● Problem description:
Using the listing below, print the line containing "this 1280×960 image.", the line containing "this 1080×1620 image.", and each line between them, exactly and nothing else. Pictures stay out of the print.
Start of Block
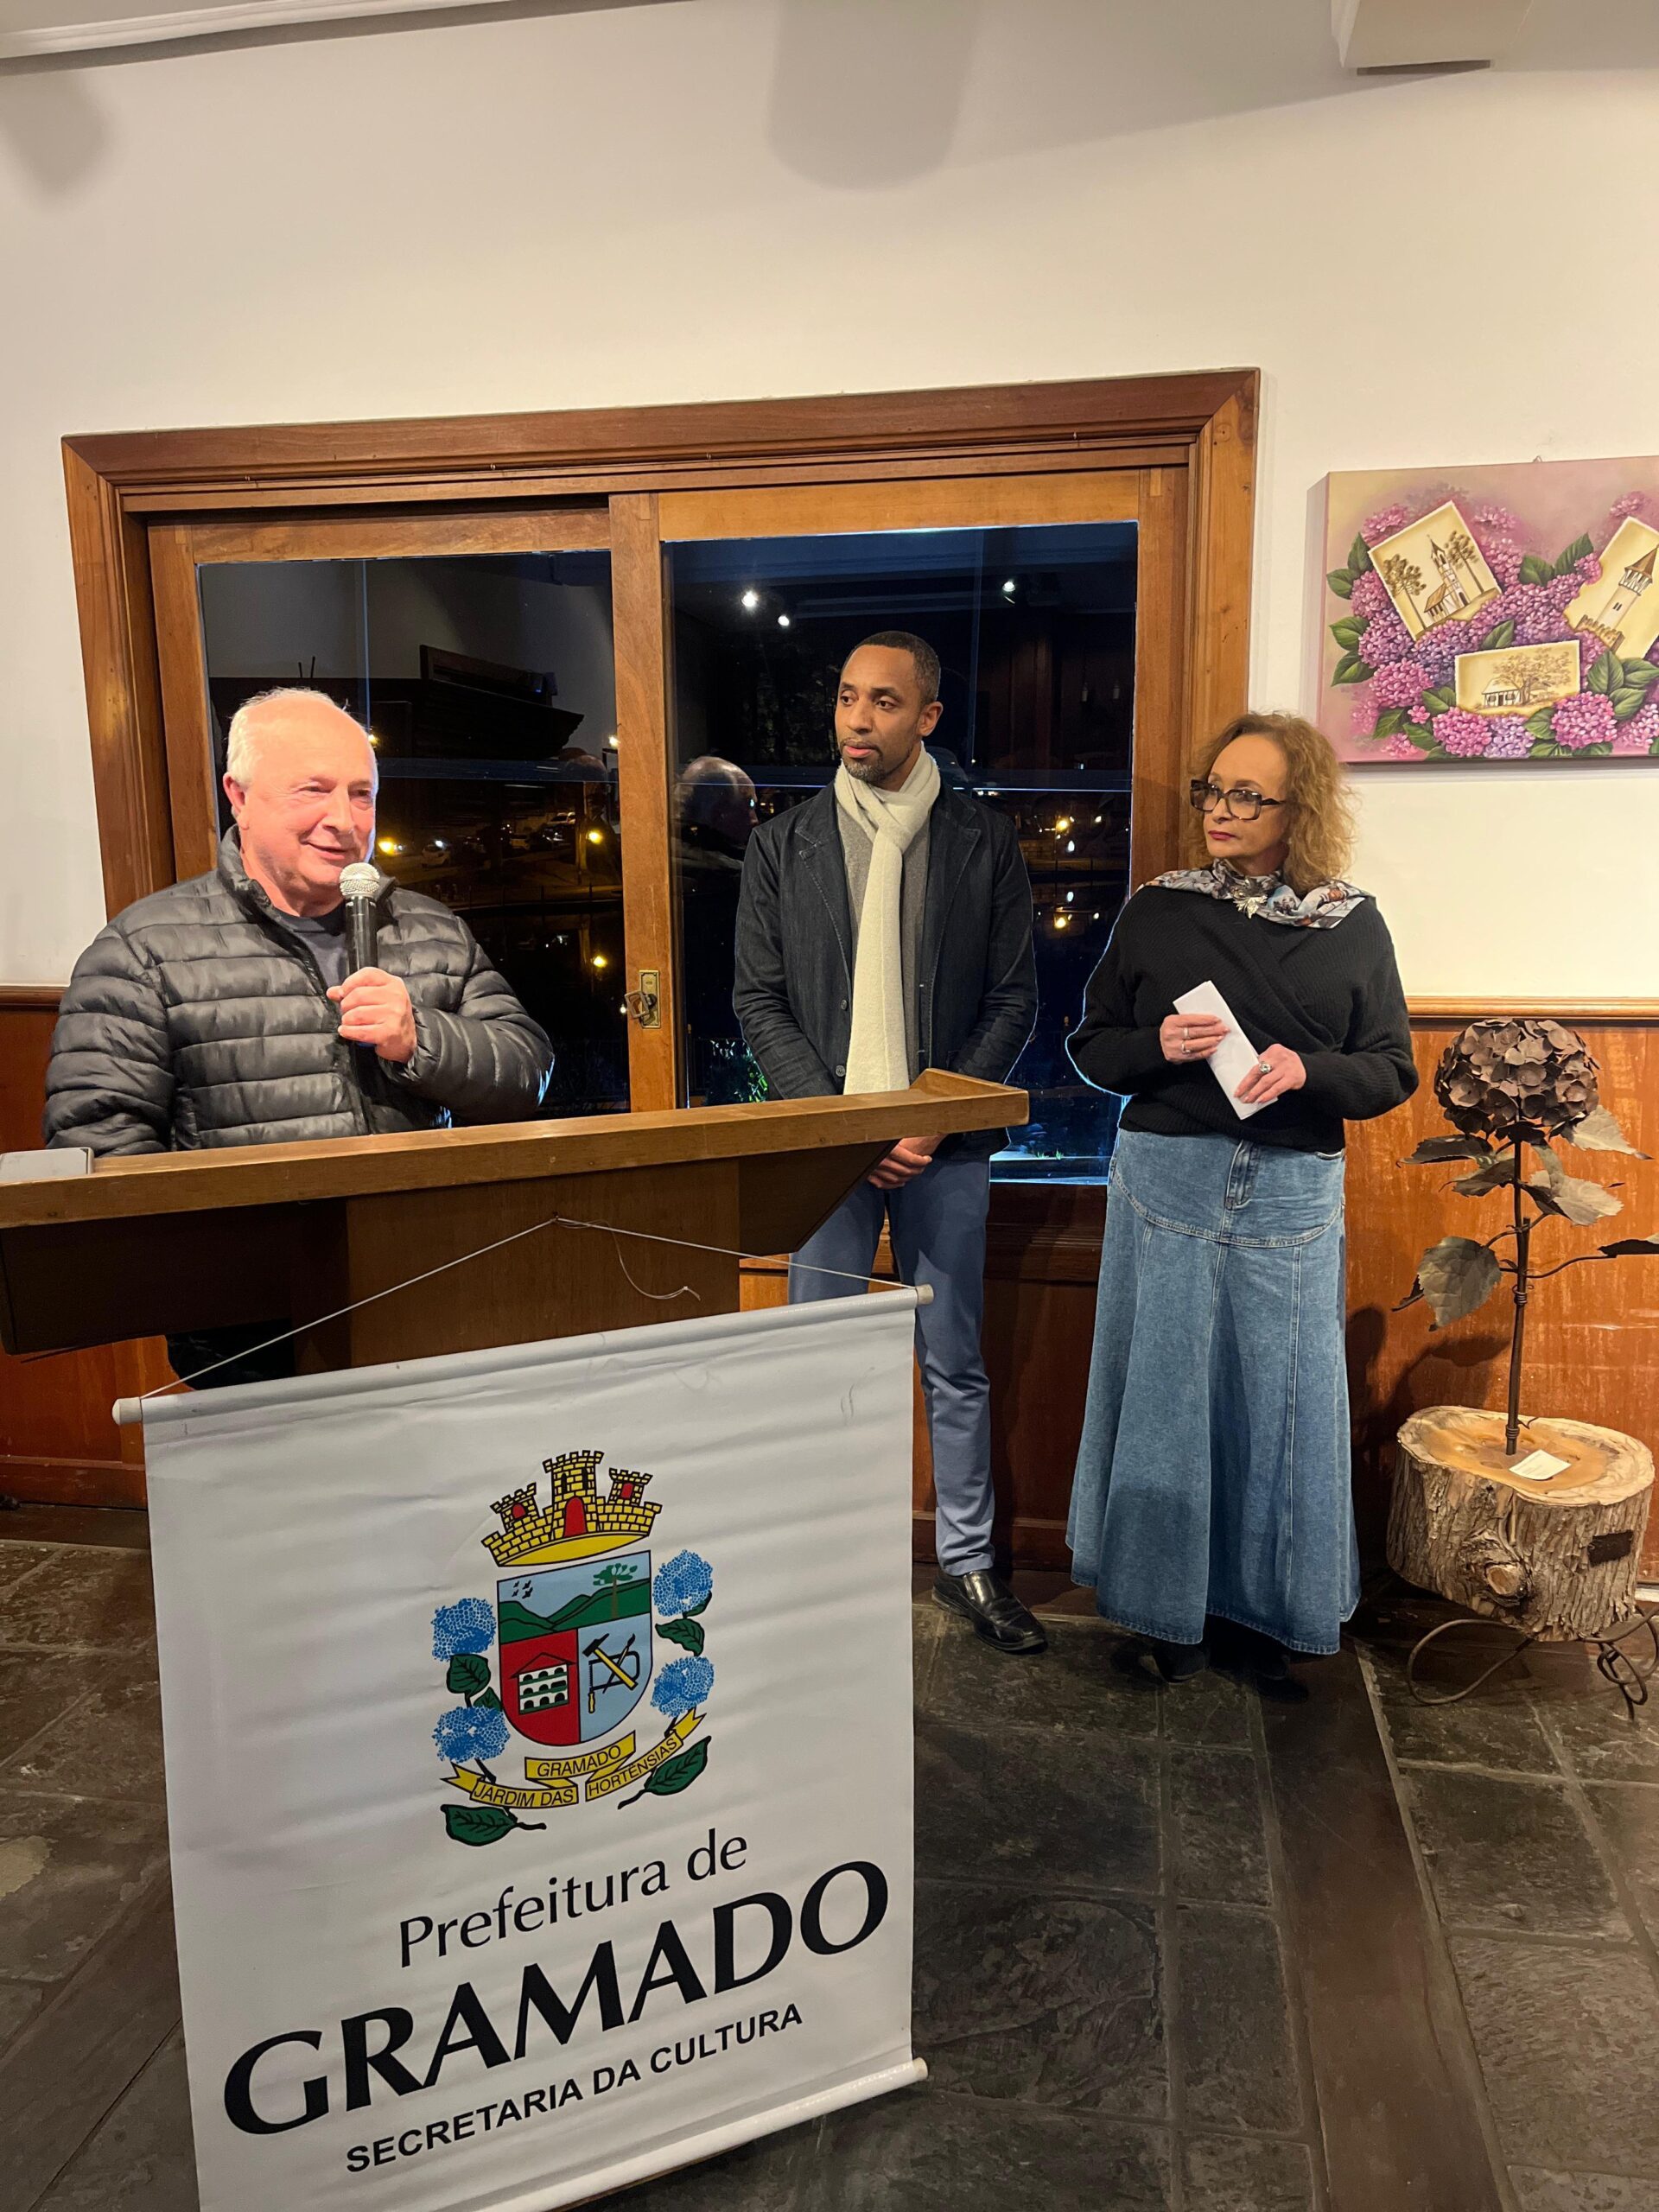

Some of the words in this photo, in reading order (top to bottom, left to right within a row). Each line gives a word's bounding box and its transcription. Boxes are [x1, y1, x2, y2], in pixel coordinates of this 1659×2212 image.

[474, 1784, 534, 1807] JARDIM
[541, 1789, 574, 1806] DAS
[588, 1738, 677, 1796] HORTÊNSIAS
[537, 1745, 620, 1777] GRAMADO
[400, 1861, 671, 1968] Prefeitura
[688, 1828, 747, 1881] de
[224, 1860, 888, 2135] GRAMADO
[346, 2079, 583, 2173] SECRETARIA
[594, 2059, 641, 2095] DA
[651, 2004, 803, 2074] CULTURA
End of Block
Start of Block
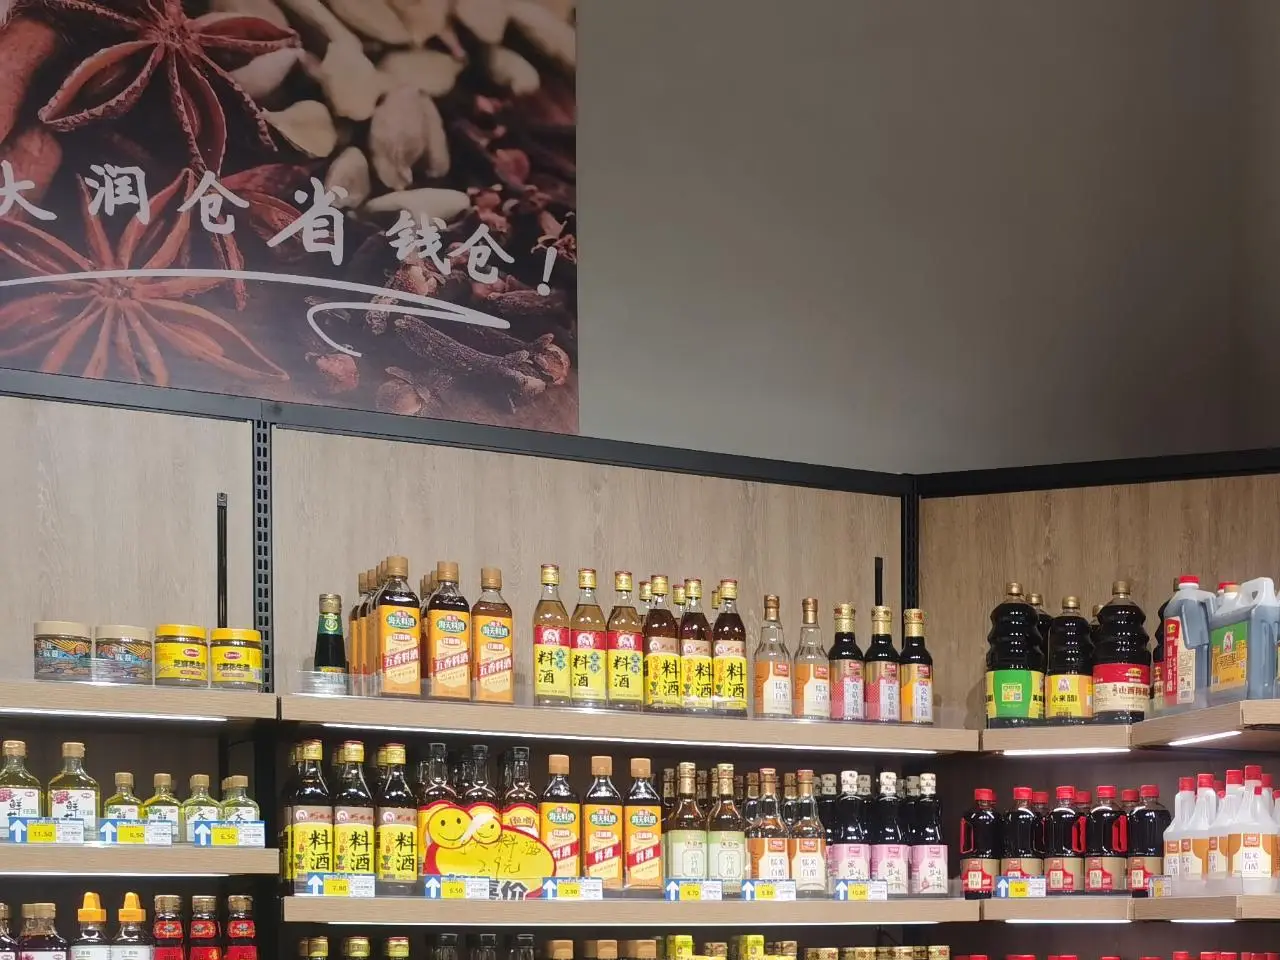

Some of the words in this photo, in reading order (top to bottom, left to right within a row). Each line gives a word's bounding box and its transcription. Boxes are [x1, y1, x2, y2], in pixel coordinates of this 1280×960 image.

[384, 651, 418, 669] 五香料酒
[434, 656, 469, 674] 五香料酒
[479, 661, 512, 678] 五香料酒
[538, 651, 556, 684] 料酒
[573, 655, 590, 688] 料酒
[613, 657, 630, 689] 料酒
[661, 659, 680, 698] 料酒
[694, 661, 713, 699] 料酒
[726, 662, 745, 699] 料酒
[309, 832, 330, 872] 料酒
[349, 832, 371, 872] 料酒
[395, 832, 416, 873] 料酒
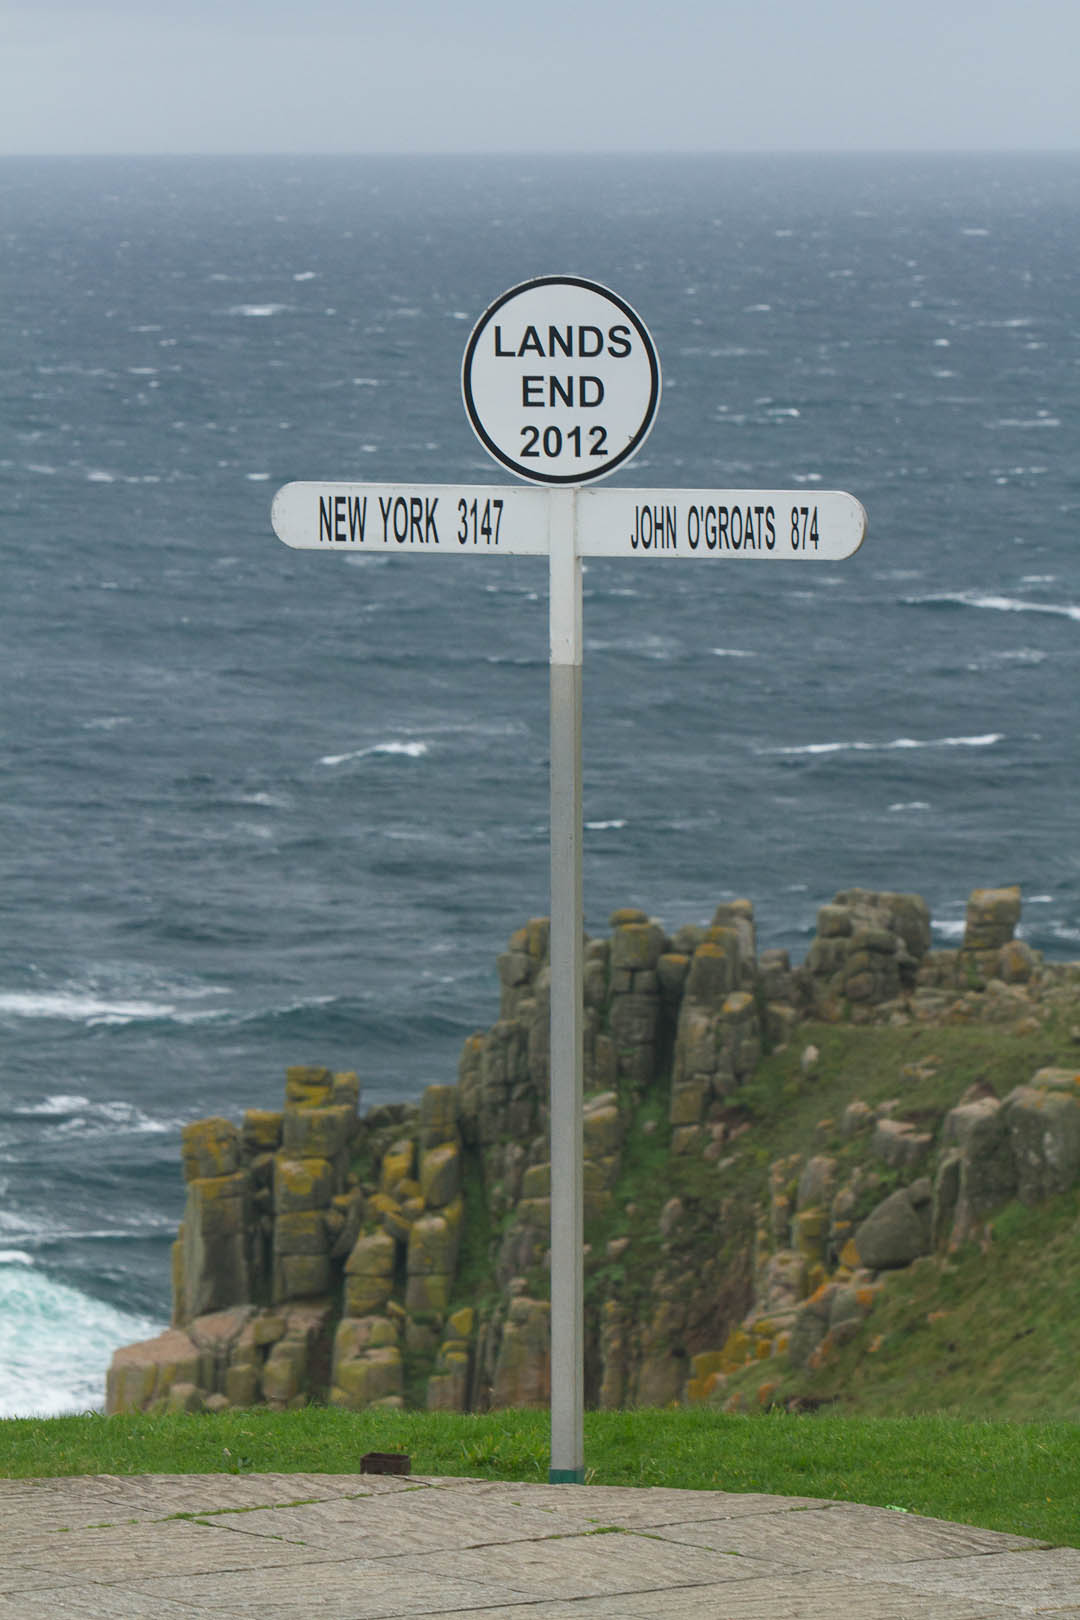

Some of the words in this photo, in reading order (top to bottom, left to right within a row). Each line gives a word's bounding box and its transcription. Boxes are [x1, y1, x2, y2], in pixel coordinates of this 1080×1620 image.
End of Block
Start of Block
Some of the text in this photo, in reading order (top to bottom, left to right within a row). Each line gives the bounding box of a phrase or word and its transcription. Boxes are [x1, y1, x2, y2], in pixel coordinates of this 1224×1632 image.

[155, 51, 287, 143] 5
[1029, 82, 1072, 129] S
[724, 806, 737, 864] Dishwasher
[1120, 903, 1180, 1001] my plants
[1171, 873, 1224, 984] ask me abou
End of Block
● Response:
Some of the words in this photo, in reading order (top to bottom, left to right within a row). Each line gives a word's bounding box and its transcription. Boxes are [x1, y1, x2, y2], in pixel coordinates of this 1280×960 image.

[384, 651, 418, 669] 五香料酒
[434, 656, 469, 674] 五香料酒
[479, 661, 512, 678] 五香料酒
[538, 651, 556, 684] 料酒
[573, 655, 590, 688] 料酒
[613, 657, 630, 689] 料酒
[661, 659, 680, 698] 料酒
[694, 661, 713, 699] 料酒
[726, 662, 745, 699] 料酒
[309, 832, 330, 872] 料酒
[349, 832, 371, 872] 料酒
[395, 832, 416, 873] 料酒

Some of the words in this photo, in reading order (top to bottom, left to right within a row). Each line gives a word's bounding box and its transcription. Boxes are [x1, y1, x2, y2], in pixel coordinates of this 1080×1620 image.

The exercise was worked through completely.